Their debut album, Positive Reaction was released by Profile in 1990. The following year, the group released The Victory EP (Profile, 1991) and then took a break from recording. They returned with The Whole Nine Yards...And Then Some in 1992.

Shortly after the release of the album, the group decided to go their separate ways. MCM had a short-lived solo career, releasing some twelve inches and guesting on other artists' tracks - such as Dodge City Productions' "Understand This" from their Steppin' Up and Out (4th & Broadway, 1993) album. The Principal went on to produce other artist's tracks, such as a remix of Run-D.M.C.'s "Ooh, What'cha Gonna Do?" from their Down with the King (Profile, 1993) album. Diamond J went on to provide scratches for Maxim's Hell's Kitchen (XL Recordings, 2000) album.

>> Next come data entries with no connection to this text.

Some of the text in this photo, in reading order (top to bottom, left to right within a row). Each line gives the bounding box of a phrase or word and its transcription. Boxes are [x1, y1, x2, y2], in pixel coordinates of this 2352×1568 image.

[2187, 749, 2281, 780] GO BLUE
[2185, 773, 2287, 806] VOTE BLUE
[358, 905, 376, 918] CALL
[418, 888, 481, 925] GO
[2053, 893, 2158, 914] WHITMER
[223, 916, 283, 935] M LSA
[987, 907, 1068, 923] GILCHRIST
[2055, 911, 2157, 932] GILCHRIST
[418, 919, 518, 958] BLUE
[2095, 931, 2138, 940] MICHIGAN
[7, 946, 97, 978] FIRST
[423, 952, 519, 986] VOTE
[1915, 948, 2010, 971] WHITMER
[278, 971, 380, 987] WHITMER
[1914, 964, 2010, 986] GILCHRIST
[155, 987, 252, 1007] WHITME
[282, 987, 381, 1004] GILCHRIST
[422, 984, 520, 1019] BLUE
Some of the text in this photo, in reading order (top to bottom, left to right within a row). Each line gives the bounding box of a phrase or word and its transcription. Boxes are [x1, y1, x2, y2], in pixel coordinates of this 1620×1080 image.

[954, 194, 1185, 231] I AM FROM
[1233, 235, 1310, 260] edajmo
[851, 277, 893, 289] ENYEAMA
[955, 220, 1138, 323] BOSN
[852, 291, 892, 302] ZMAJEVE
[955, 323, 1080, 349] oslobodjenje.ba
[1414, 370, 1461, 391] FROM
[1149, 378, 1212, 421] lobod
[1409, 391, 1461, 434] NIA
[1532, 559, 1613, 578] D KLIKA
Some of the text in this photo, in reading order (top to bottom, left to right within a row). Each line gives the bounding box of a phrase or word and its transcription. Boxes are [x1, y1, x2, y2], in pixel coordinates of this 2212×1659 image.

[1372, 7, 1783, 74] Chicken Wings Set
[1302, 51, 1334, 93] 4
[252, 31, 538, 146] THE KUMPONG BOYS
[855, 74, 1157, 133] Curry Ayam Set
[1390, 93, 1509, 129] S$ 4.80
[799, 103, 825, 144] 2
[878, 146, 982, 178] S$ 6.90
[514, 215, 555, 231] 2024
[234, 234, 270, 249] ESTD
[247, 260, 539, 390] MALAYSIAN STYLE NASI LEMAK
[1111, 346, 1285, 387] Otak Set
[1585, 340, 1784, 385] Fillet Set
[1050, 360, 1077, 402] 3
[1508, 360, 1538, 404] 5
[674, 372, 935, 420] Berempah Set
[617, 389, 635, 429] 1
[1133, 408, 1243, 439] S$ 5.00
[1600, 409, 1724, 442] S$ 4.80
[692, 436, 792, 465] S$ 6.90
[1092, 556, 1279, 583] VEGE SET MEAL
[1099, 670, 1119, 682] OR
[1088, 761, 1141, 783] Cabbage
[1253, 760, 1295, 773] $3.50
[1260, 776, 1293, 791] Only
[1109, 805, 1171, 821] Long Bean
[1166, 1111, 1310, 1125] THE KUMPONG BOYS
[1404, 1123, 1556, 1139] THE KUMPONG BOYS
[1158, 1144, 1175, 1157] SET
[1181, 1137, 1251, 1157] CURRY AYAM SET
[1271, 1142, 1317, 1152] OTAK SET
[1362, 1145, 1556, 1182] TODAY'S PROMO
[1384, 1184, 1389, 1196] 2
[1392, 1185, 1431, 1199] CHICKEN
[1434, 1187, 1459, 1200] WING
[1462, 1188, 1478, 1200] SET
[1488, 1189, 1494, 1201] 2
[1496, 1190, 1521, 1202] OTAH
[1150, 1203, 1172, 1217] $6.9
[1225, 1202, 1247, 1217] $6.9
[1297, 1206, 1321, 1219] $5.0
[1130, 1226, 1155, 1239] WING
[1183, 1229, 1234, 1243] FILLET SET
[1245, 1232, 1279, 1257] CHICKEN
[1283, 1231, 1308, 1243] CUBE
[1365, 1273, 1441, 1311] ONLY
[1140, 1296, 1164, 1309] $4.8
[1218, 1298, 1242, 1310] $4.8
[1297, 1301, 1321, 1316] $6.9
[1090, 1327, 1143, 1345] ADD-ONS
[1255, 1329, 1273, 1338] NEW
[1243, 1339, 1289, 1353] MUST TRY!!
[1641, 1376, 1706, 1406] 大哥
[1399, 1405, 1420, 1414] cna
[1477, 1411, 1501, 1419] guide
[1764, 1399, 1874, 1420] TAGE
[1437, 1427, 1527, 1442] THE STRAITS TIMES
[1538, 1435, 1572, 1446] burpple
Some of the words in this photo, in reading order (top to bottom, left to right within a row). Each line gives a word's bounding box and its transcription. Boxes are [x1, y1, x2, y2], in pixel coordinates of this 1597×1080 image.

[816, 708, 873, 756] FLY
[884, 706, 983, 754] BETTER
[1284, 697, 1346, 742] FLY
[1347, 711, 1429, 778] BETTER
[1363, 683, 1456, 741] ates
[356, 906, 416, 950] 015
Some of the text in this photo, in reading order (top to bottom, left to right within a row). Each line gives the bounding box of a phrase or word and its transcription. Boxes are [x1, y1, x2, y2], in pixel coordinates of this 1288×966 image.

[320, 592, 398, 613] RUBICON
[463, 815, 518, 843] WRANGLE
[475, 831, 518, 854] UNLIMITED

Almost 20 years after the last Caveman album, front man MCM incorporated the name Caveman on his first solo studio album The Gospel: The Missing Gems of MCM Caveman (I-innovate UK, 2011). The double album included several unreleased tracks from the 1990s.

==Discography==
===Chart singles===
- "I'm Ready" (1991) - UK No. 65

===Chart albums===
- Positive Reaction (1991) - UK No. 43
- The Whole Nine Yards And Then Some (1992)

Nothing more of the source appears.